Math with Words – Word Embeddings with MATLAB and Text Analytics Toolbox
Text data has become an important part of data analytics, thanks to advances in natural language processing that transform unstructured text into meaningful data. The new Text Analytics Toolbox provides tools to process and analyze text data in MATLAB.
Today's guest blogger, Toshi Takeuchi introduces some cool features available in the new toolbox, starting with word embeddings. Check out how he uses sentiment analysis to find good AirBnB locations to stay in Boston!
Contents
- What is a Word Embedding?
- Ingredients
- Loading a Pre-Trained Word Embedding from GloVe
- Vector Math Example
- Visualizing the Word Embedding
- Using Word Embeddings for Sentiment Analysis
- Word Embeddings Meet Machine Learning
- Prepare Data for Machine Learning
- Training and Evaluating the Sentiment Classifier
- Boston Airbnb Open Data
- Airbnb Review Ratings
- Computing Sentiment Scores
- Sentiment by Location
- Summary
What is a Word Embedding?
Have you heard about word2vec or GloVe? These are part of very powerful natural language processing technique called word embeddings, and you can now take advantage of it in MATLAB via Text Analytics Toolbox.
Why am I excited about it? It "embeds" words into a vector space model based on how often a word appears close to other words. Done at an internet scale, you can attempt to capture the semantics of the words in the vectors, so that similar words have similar vectors.
One very famous example of how word embeddings can represent such relationship is that you can do a vector computation like this:
$$king - man + woman \approx queen$$
Yes, "queen" is like "king" except that it is a woman, rather than a man! How cool is that? This kind of magic has become possible thanks to vast availability of raw text data on the internet, greater computing capability that can process it, and advances in artificial neural networks, such as deep learning.
Even more exciting is the fact that you don't have to be a natural language processing expert to harness the power of word embeddings if you use pre-trained models! Let me show you how you can use it for your own text analytics purposes, such as document classification, information retrieval and sentiment analysis.
Ingredients
In this example, I will use a pre-trained word embedding from GloVe.

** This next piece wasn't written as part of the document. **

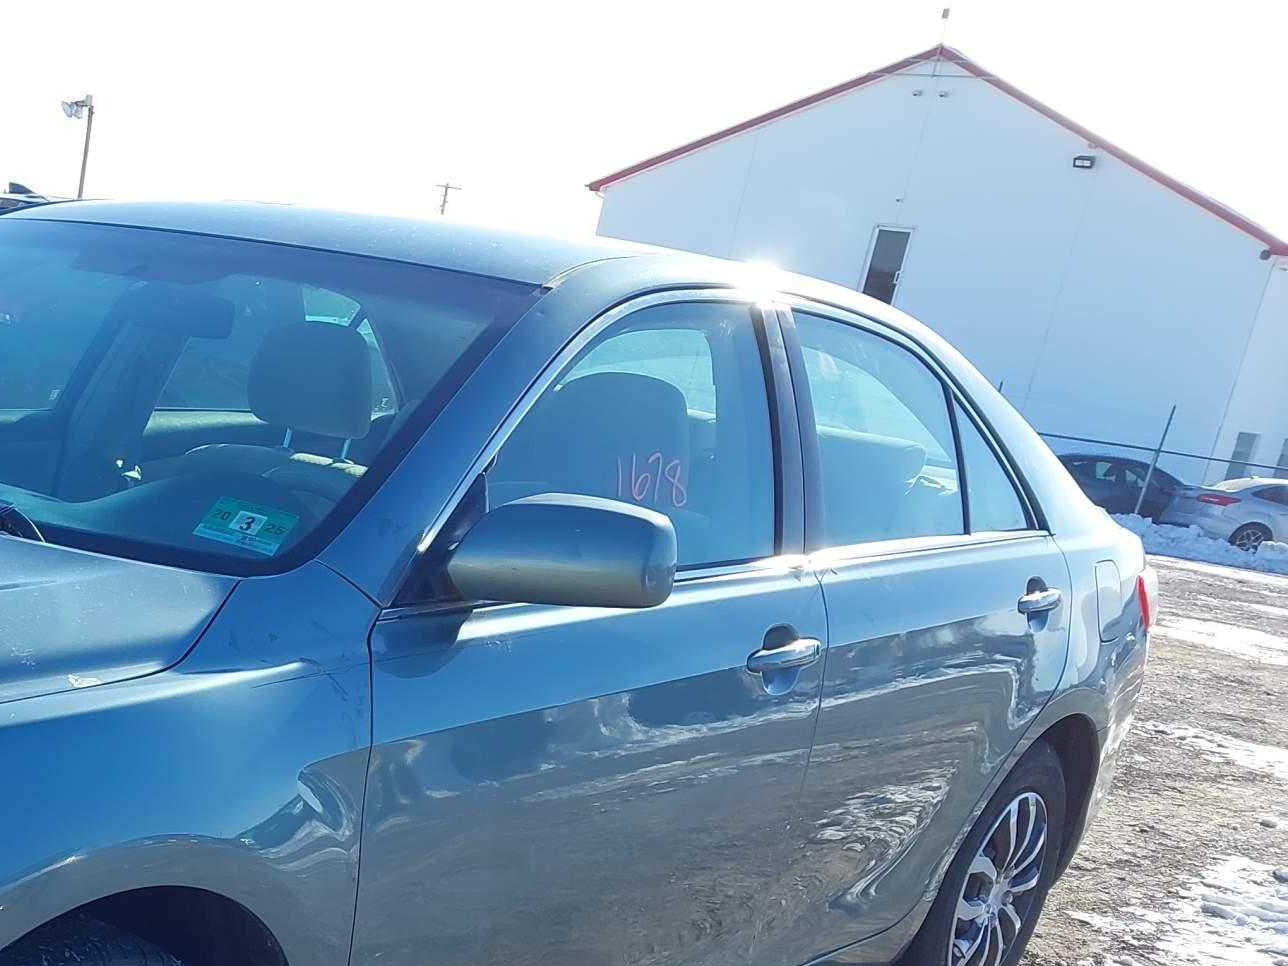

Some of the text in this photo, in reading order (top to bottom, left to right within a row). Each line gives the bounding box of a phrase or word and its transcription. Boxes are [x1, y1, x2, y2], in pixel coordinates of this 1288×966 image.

To follow along, please
- Get the source code of this post by clicking on "Get the MATLAB code" at the bottom of this page
- Download a free trial version of Text Analytics Toolbox (MATLAB and Statistics and Machine Learning Toolbox R2017b or later are also required).
- Download the pre-trained model glove.6B.300d.txt (6 billion tokens, 400K vocabulary, 300 dimensions) from GloVe.
- Download the sentiment lexicon from University of Illinois at Chicago
- Download the data from the Boston Airbnb Open Data page on Kaggle
- Download my custom function load_lexicon.m and class sentiment.m as well as the raster map of Boston
Please extract the content from the archive files into your current folder.
Loading a Pre-Trained Word Embedding from GloVe
You can use the function readWordEmbedding in Text Analytics Toolbox to read pre-trained word embeddings. To see a word vector, use word2vec to get the vector representation of a given word. Because the dimension for this embedding is 300, we get a vector of 300 elements for each word.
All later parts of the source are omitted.